- Education: Juilliard School (BS)
- Occupations: Actress, director
- Years active: 1968–present

= Marcia Jean Kurtz =

American actress

Marcia Jean Kurtz is an American film, stage, and television actress and director. She has appeared in such films as The Panic in Needle Park, In Her Shoes, and Big Fan, appearing as Miriam Douglas in Dog Day Afternoon and Inside Man.

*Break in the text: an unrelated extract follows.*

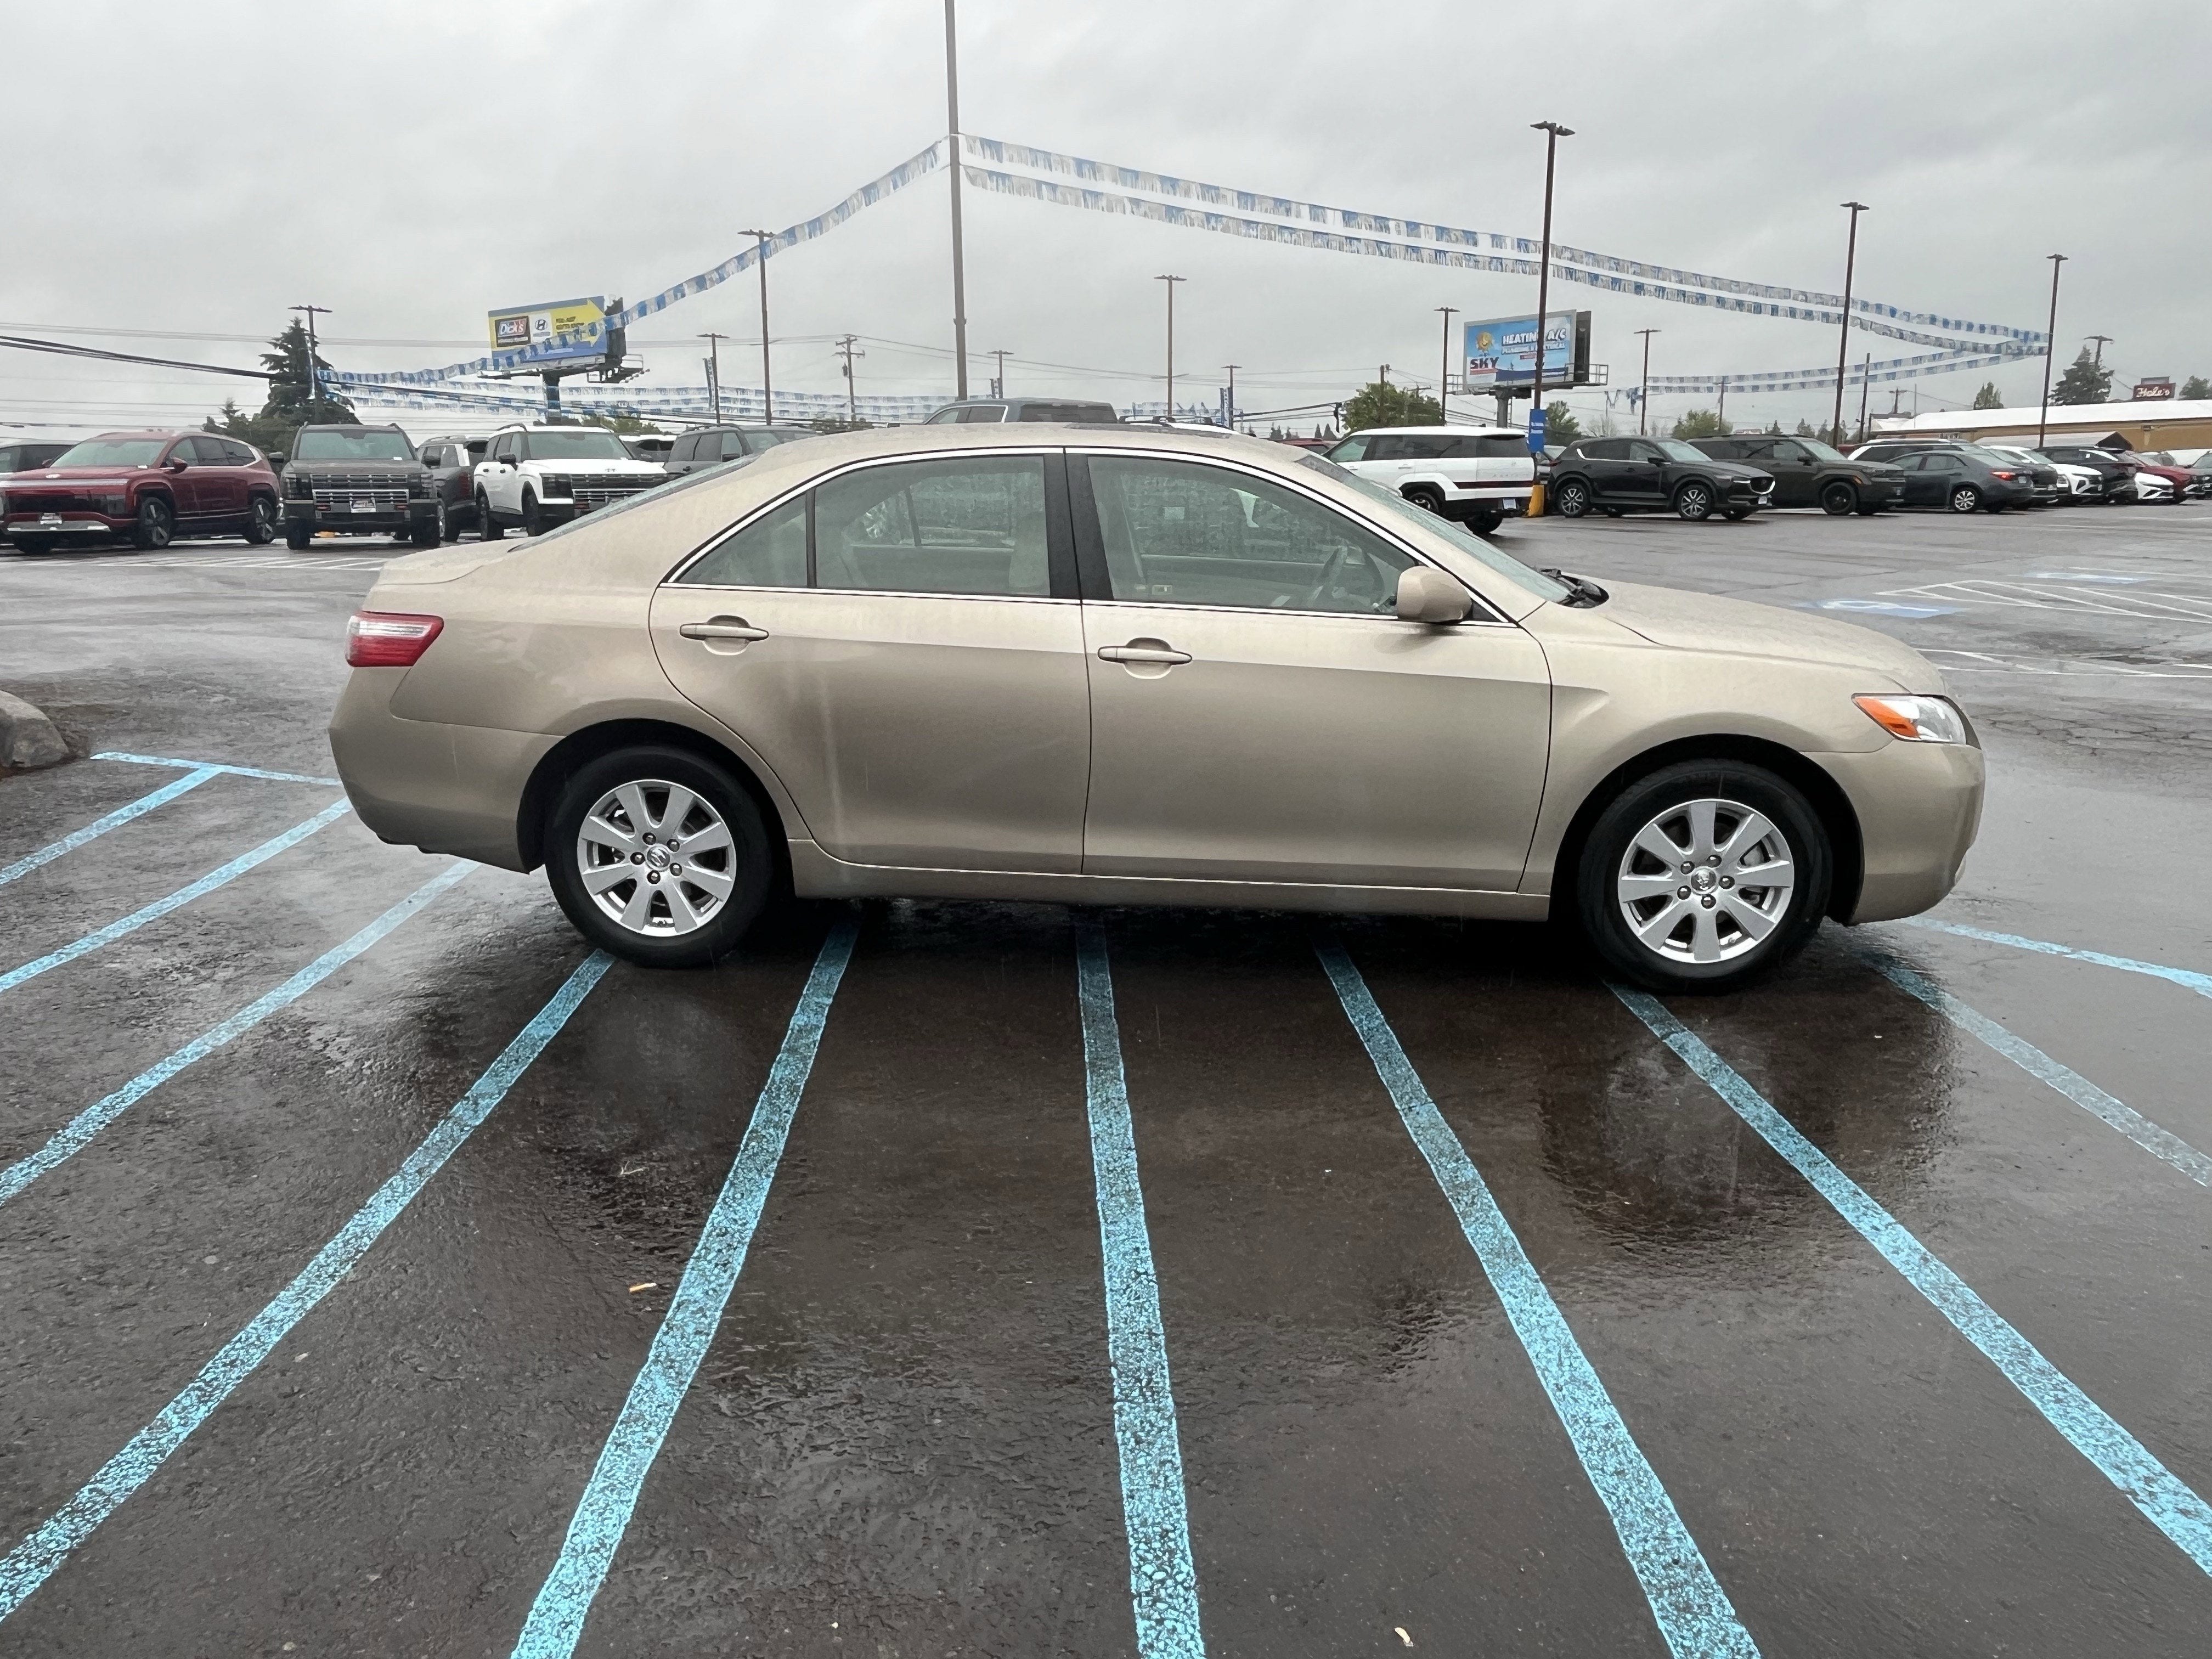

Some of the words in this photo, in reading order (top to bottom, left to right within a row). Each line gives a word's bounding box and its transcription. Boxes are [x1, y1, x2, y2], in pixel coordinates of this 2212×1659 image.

Kurtz won an Obie Award for her performance as Doris in Donald Margulies' The Loman Family Picnic. She was also nominated for both an Obie and a Drama Desk Award for her role in Martin Sherman's When She Danced. Kurtz also directed Matty Selman's Uncle Phillip's Coat and Evan Handler's Time of Fire.

She has appeared several times on the television series Law & Order.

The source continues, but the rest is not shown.